The man who started Camp Peniel had a desire that anyone who came would experience God face to face, either by coming to know Him as their Savior or growing in their walk with Him.

Many spiritual turning points in my life happened at Camp Peniel. Decisions that impacted my spiritual life the most were made at that place. Those decisions and disciplines that I learned there are what has influenced my book the most. It is for that reason that a portion of the proceeds will go to Camp Peniel’s scholarship program.

I understand Essentials of the Heart is blessing both men and women. Did you consider the impact it would have on men when you wrote it?  What are they saying about it?

I was blindsided by this one. I speak to women’s ministries; so, my audience is women. One day my friend came to me to apologize for not reading my book that she got a month earlier. I told her that she didn’t need to apologize for that, but she insisted to tell me why.

Her husband had picked up the book and started reading it. She did not want to take it from him until he was finished, but it was taking a long time.  (It is a small book so it shouldn’t take him that long.) He finally came to her and told her to go buy two more books because he wanted to give them to his adult sons for Christmas.

I was floored that he would enjoy it so much that he would want his adult sons to read it, too. 

Essentials of the Heart is divided into two parts, Decisions and Disciplines.  What is the significance of this?

“He has made everything beautiful in its time; He also has planted eternity in men’s heart and mind [a divinely implanted sense of a purpose working through the ages which nothing under the sun, but only God, can satisfy]…” (Ecclesiastes 3:11, AMP) What that means to you and me is this: God created us with a sense of eternity in our hearts and mind. We know that there is more to this life than the here and now. We sense it deep within us.  The only thing that can bring lasting fulfillment to you and me is our relationship with God and growing in that relationship. That is what has brought me the greatest fulfillment in my life, and it starts with heart “Decisions”, which is the first section of the book. The next section is “Disciplines”. These are daily practices, which are necessary to grow in the Lord. 

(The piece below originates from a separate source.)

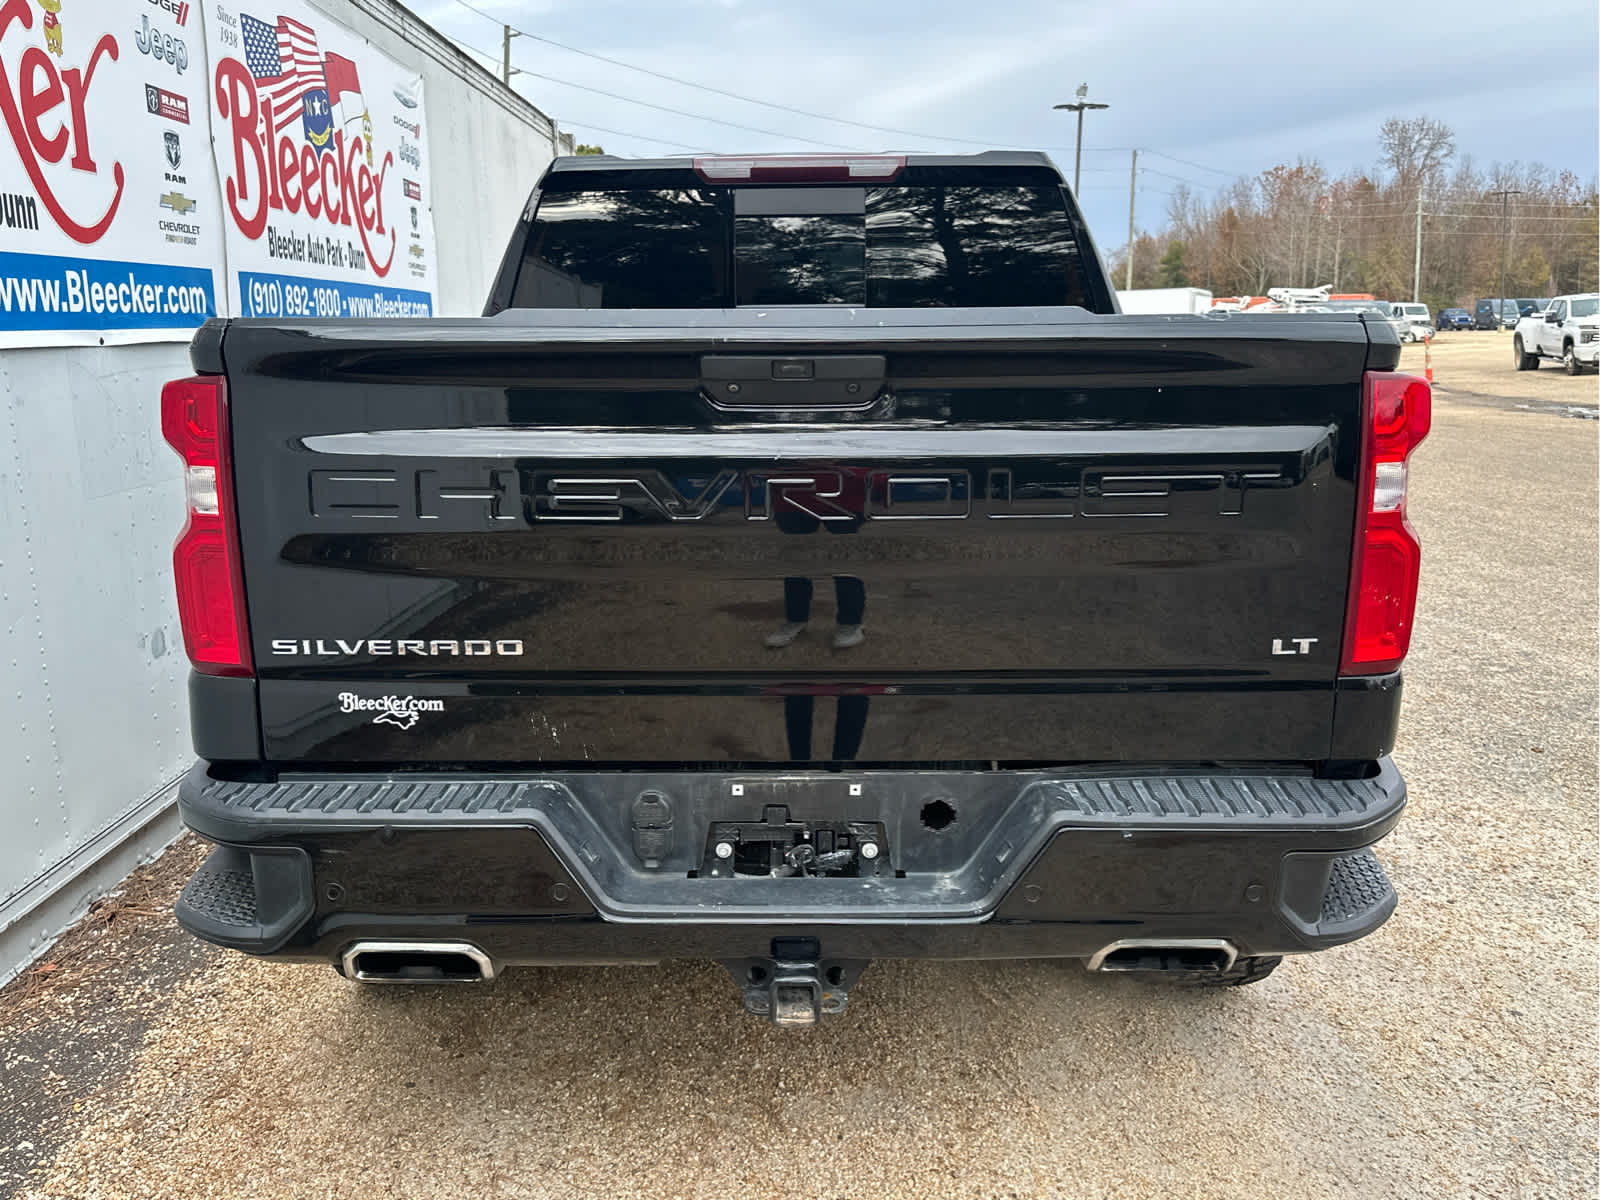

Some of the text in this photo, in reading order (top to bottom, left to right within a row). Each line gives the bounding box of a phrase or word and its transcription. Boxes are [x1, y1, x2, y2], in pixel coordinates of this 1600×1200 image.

So the first Essential of the Heart is the decision we make personally for eternity … accepting Christ as our Savior. You list several more Decisions we need to make such as: Who do we want our life to count for, a Decision to Trust, a Decision to Build Intimacy, etc. I’d like for us to look at the issue of Trust. You explain though we often use the words trust and faith interchangeably, we first need to understand what they mean. Could you shed some light on this?

The word trust, according to Webster’s Dictionary, is an assured reliance on the character, ability, strength, or truth of someone or something.  Faith according to the Bible is this: “Now faith is the substance of things hoped for, the evidence of things not seen.” (Hebrews 11:1, KJV). The Greek word for faith in the New Testament is pistis, which is a firm persuasion or conviction based on hearing according to Strong’s Dictionary.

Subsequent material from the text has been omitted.